Could you copy all of the records below exactly as they appear?

### INFORMATION PROVIDED
=-=-=
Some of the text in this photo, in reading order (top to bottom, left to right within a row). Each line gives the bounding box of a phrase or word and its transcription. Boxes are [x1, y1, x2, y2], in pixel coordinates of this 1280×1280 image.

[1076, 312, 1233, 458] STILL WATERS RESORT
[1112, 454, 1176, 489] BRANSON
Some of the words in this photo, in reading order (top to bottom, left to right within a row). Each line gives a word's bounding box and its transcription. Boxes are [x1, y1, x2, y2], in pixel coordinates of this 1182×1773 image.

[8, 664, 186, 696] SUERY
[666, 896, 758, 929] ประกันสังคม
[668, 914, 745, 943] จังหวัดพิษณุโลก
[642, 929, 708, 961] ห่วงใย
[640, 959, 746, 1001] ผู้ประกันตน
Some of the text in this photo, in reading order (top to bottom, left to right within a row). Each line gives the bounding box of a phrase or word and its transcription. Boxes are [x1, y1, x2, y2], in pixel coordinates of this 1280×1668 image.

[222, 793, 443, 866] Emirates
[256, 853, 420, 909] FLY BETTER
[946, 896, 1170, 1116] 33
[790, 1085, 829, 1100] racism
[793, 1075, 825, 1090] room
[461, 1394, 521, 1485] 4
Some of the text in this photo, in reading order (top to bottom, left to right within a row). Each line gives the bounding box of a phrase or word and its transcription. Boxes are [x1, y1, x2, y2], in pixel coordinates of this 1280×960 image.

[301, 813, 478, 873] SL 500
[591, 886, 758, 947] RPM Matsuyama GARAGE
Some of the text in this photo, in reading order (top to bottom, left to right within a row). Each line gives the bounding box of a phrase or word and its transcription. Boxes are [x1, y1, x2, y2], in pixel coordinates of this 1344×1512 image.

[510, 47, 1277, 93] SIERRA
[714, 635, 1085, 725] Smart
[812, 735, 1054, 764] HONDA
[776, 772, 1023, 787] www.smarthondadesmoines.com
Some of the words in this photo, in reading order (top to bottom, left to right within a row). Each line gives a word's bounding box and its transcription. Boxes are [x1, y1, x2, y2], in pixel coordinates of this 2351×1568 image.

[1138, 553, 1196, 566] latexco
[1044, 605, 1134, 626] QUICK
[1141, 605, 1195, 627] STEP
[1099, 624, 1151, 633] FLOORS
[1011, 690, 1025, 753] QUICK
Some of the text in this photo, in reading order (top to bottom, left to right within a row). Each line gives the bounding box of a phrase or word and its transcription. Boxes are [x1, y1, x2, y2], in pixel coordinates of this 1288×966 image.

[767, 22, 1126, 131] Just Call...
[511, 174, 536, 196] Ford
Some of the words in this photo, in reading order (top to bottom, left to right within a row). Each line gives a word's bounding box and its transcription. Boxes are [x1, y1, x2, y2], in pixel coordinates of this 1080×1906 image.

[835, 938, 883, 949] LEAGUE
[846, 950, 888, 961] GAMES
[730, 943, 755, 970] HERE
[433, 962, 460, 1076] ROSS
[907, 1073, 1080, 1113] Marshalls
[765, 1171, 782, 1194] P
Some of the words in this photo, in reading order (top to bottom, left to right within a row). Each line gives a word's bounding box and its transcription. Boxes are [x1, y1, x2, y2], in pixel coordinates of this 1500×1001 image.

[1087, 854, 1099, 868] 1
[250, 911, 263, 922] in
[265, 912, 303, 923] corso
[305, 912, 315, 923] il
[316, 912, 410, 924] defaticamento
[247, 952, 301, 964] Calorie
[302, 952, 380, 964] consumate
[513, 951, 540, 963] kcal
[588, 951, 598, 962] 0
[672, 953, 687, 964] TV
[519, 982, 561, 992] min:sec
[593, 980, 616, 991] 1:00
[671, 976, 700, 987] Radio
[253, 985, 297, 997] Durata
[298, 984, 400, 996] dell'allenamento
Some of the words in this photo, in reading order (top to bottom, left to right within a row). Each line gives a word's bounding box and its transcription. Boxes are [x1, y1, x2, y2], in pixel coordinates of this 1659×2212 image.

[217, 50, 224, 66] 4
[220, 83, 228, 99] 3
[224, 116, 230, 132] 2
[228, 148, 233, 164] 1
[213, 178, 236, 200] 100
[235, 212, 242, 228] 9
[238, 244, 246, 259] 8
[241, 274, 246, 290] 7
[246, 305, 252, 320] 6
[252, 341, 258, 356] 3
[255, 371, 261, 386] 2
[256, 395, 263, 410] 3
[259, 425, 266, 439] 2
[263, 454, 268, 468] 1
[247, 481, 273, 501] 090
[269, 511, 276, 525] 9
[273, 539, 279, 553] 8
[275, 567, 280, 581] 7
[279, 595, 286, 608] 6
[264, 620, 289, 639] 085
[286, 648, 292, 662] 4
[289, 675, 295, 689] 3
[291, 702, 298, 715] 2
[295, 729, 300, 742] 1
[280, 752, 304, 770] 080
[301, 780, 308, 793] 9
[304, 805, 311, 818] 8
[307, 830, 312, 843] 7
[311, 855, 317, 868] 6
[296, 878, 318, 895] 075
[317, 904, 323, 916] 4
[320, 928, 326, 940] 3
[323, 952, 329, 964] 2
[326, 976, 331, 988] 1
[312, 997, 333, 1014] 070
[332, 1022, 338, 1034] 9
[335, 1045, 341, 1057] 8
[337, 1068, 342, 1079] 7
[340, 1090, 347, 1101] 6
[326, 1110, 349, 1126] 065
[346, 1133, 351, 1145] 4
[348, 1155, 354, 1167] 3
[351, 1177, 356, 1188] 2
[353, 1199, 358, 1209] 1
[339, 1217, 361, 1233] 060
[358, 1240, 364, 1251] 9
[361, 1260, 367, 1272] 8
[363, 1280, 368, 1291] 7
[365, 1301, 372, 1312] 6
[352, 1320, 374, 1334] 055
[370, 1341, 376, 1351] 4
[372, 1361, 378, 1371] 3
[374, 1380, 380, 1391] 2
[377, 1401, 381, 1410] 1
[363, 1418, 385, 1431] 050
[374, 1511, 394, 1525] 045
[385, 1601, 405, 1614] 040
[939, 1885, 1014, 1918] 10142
=-=-=
### WRITTEN ANSWER
Some of the text in this photo, in reading order (top to bottom, left to right within a row). Each line gives the bounding box of a phrase or word and its transcription. Boxes are [x1, y1, x2, y2], in pixel coordinates of this 1280×1280 image.

[1076, 312, 1233, 458] STILL WATERS RESORT
[1112, 454, 1176, 489] BRANSON
Some of the words in this photo, in reading order (top to bottom, left to right within a row). Each line gives a word's bounding box and its transcription. Boxes are [x1, y1, x2, y2], in pixel coordinates of this 1182×1773 image.

[8, 664, 186, 696] SUERY
[666, 896, 758, 929] ประกันสังคม
[668, 914, 745, 943] จังหวัดพิษณุโลก
[642, 929, 708, 961] ห่วงใย
[640, 959, 746, 1001] ผู้ประกันตน
Some of the text in this photo, in reading order (top to bottom, left to right within a row). Each line gives the bounding box of a phrase or word and its transcription. Boxes are [x1, y1, x2, y2], in pixel coordinates of this 1280×1668 image.

[222, 793, 443, 866] Emirates
[256, 853, 420, 909] FLY BETTER
[946, 896, 1170, 1116] 33
[790, 1085, 829, 1100] racism
[793, 1075, 825, 1090] room
[461, 1394, 521, 1485] 4
Some of the text in this photo, in reading order (top to bottom, left to right within a row). Each line gives the bounding box of a phrase or word and its transcription. Boxes are [x1, y1, x2, y2], in pixel coordinates of this 1280×960 image.

[301, 813, 478, 873] SL 500
[591, 886, 758, 947] RPM Matsuyama GARAGE
Some of the text in this photo, in reading order (top to bottom, left to right within a row). Each line gives the bounding box of a phrase or word and its transcription. Boxes are [x1, y1, x2, y2], in pixel coordinates of this 1344×1512 image.

[510, 47, 1277, 93] SIERRA
[714, 635, 1085, 725] Smart
[812, 735, 1054, 764] HONDA
[776, 772, 1023, 787] www.smarthondadesmoines.com
Some of the words in this photo, in reading order (top to bottom, left to right within a row). Each line gives a word's bounding box and its transcription. Boxes are [x1, y1, x2, y2], in pixel coordinates of this 2351×1568 image.

[1138, 553, 1196, 566] latexco
[1044, 605, 1134, 626] QUICK
[1141, 605, 1195, 627] STEP
[1099, 624, 1151, 633] FLOORS
[1011, 690, 1025, 753] QUICK
Some of the text in this photo, in reading order (top to bottom, left to right within a row). Each line gives the bounding box of a phrase or word and its transcription. Boxes are [x1, y1, x2, y2], in pixel coordinates of this 1288×966 image.

[767, 22, 1126, 131] Just Call...
[511, 174, 536, 196] Ford
Some of the words in this photo, in reading order (top to bottom, left to right within a row). Each line gives a word's bounding box and its transcription. Boxes are [x1, y1, x2, y2], in pixel coordinates of this 1080×1906 image.

[835, 938, 883, 949] LEAGUE
[846, 950, 888, 961] GAMES
[730, 943, 755, 970] HERE
[433, 962, 460, 1076] ROSS
[907, 1073, 1080, 1113] Marshalls
[765, 1171, 782, 1194] P
Some of the words in this photo, in reading order (top to bottom, left to right within a row). Each line gives a word's bounding box and its transcription. Boxes are [x1, y1, x2, y2], in pixel coordinates of this 1500×1001 image.

[1087, 854, 1099, 868] 1
[250, 911, 263, 922] in
[265, 912, 303, 923] corso
[305, 912, 315, 923] il
[316, 912, 410, 924] defaticamento
[247, 952, 301, 964] Calorie
[302, 952, 380, 964] consumate
[513, 951, 540, 963] kcal
[588, 951, 598, 962] 0
[672, 953, 687, 964] TV
[519, 982, 561, 992] min:sec
[593, 980, 616, 991] 1:00
[671, 976, 700, 987] Radio
[253, 985, 297, 997] Durata
[298, 984, 400, 996] dell'allenamento
Some of the words in this photo, in reading order (top to bottom, left to right within a row). Each line gives a word's bounding box and its transcription. Boxes are [x1, y1, x2, y2], in pixel coordinates of this 1659×2212 image.

[217, 50, 224, 66] 4
[220, 83, 228, 99] 3
[224, 116, 230, 132] 2
[228, 148, 233, 164] 1
[213, 178, 236, 200] 100
[235, 212, 242, 228] 9
[238, 244, 246, 259] 8
[241, 274, 246, 290] 7
[246, 305, 252, 320] 6
[252, 341, 258, 356] 3
[255, 371, 261, 386] 2
[256, 395, 263, 410] 3
[259, 425, 266, 439] 2
[263, 454, 268, 468] 1
[247, 481, 273, 501] 090
[269, 511, 276, 525] 9
[273, 539, 279, 553] 8
[275, 567, 280, 581] 7
[279, 595, 286, 608] 6
[264, 620, 289, 639] 085
[286, 648, 292, 662] 4
[289, 675, 295, 689] 3
[291, 702, 298, 715] 2
[295, 729, 300, 742] 1
[280, 752, 304, 770] 080
[301, 780, 308, 793] 9
[304, 805, 311, 818] 8
[307, 830, 312, 843] 7
[311, 855, 317, 868] 6
[296, 878, 318, 895] 075
[317, 904, 323, 916] 4
[320, 928, 326, 940] 3
[323, 952, 329, 964] 2
[326, 976, 331, 988] 1
[312, 997, 333, 1014] 070
[332, 1022, 338, 1034] 9
[335, 1045, 341, 1057] 8
[337, 1068, 342, 1079] 7
[340, 1090, 347, 1101] 6
[326, 1110, 349, 1126] 065
[346, 1133, 351, 1145] 4
[348, 1155, 354, 1167] 3
[351, 1177, 356, 1188] 2
[353, 1199, 358, 1209] 1
[339, 1217, 361, 1233] 060
[358, 1240, 364, 1251] 9
[361, 1260, 367, 1272] 8
[363, 1280, 368, 1291] 7
[365, 1301, 372, 1312] 6
[352, 1320, 374, 1334] 055
[370, 1341, 376, 1351] 4
[372, 1361, 378, 1371] 3
[374, 1380, 380, 1391] 2
[377, 1401, 381, 1410] 1
[363, 1418, 385, 1431] 050
[374, 1511, 394, 1525] 045
[385, 1601, 405, 1614] 040
[939, 1885, 1014, 1918] 10142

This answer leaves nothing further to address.